Let me be more concrete in my second remark, and turn our attention from the high philosophical issues to the practical political questions concerning the current relationship between the Czech Republic and the United States. Looking back to our modern history, not only to all our achievements, but in the first place to all our failures - having in mind the Munich conference of 1938, the Communist coup d'etat in 1948 or the Prague Spring terminated by the Soviet invasion in 1968 - the endemic problem of our Czech politics seems to be connected at one time with the lack or at another time with the excess of political realism within our decision-making processes. The current state of Czech-U.S. relationship is offering us an opportunity, in my view, to correct this weakness and to secure our "national interests" in a way which would correspond to Masaryk's maxim to "conceive the Czech question in wordly terms" and respect at the same time the realistic advices of common sense. It is our Masarykian/Wilsonian idealism that makes us an active player in the today's world struggle for democracy and against all, new or old, enemies of our Western freedom. This is why the Czech Republic, remindful of her own past, activelly supports the dissidents and the human rights activists in Burma, Belarus, China, Cuba and anywhere else in the world. This is why we are trying to actively disseminate the ideals of our Velvet Revolution of 1989 and the "know how" of our transition from state socialism to democracy, and by doing so to challenge the dictators. But this is also why we are highly skeptical in this context of utopias of any kind and do not believe that just words and declarations of solidarity can make a difference. In order to assist effectively those who still have to struggle for their freedom, for democracy and the respect for human rights in their countries, we seek to forge and strenghten all possible democratic partnerships and coalitions, which is barely possible without an active participation of the United States.

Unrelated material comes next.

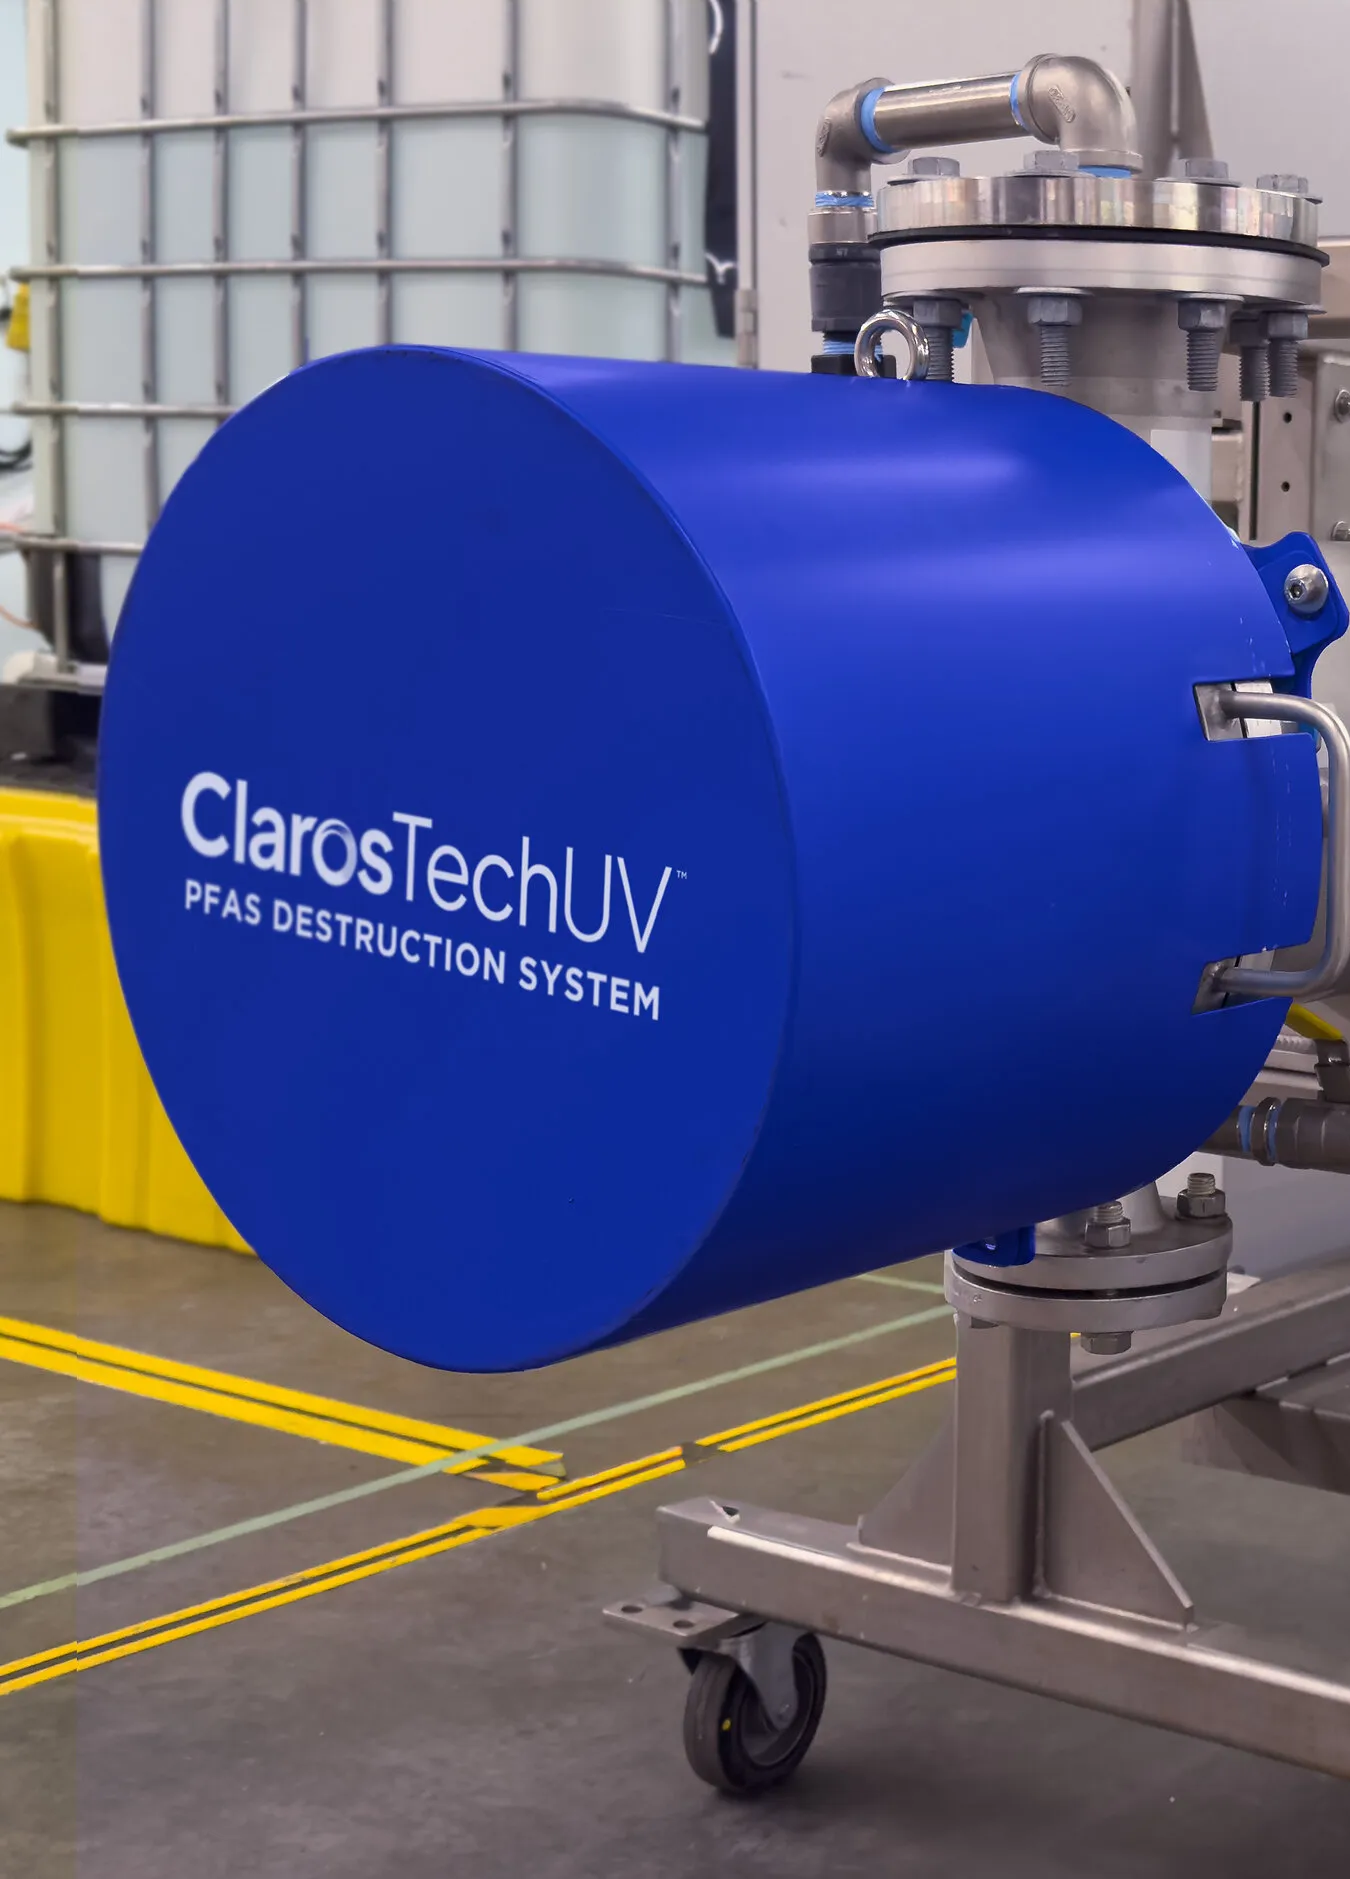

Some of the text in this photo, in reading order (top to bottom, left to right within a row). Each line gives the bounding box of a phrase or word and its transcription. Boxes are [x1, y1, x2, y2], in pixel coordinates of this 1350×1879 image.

[185, 879, 660, 1021] PFAS DESTRUCTION SYSTEM
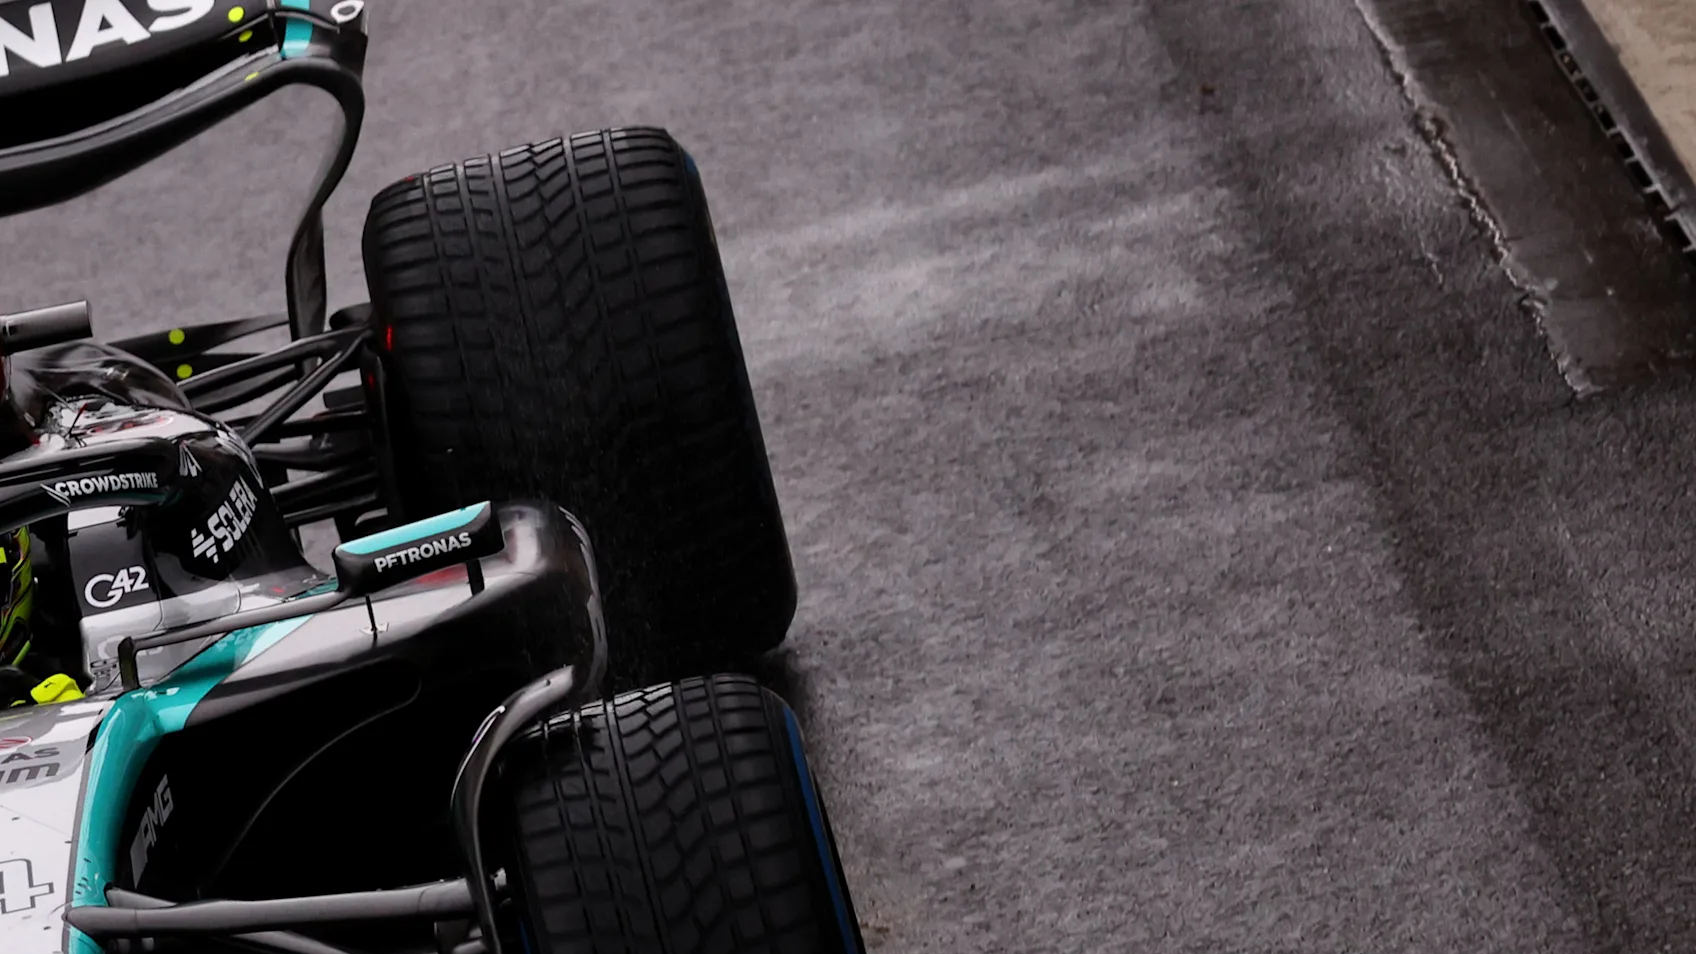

We are advised by our experience and by our common sense that we need the United States to be strong and successful in the world's leadership, and that our place in the world is and will be in the future in the U.S.- led "coalition of the willing." We simply cannot afford to be given a choice to side with Europe or with America. We need them to work together to defend freedom against all the threats, old or new, emerging in our increasingly and more globalized world. We need a pro-American Europe, and a pro-European United States. We need both of them as close allies. We need both to be aware of our common roots in one European/Western civilization, both being in the position of its equal heirs in the beginning of a new era coming in the 21st century, the heirs understanding and capable of protecting by their words and concerted actions its legacies. In a nutshell, this is in my view the basic objective in which the "New Europe" of postcommunist countries liberated sixteen years ago must speak up and stand for today. This is, in my view the core of that knowledge Vaclav Havel had in mind in his speech here in Washington in February of 1990, the knowledge that has come out of our experience of loss of freedom in all our encounters with totalitarianism during the "short" 20th century.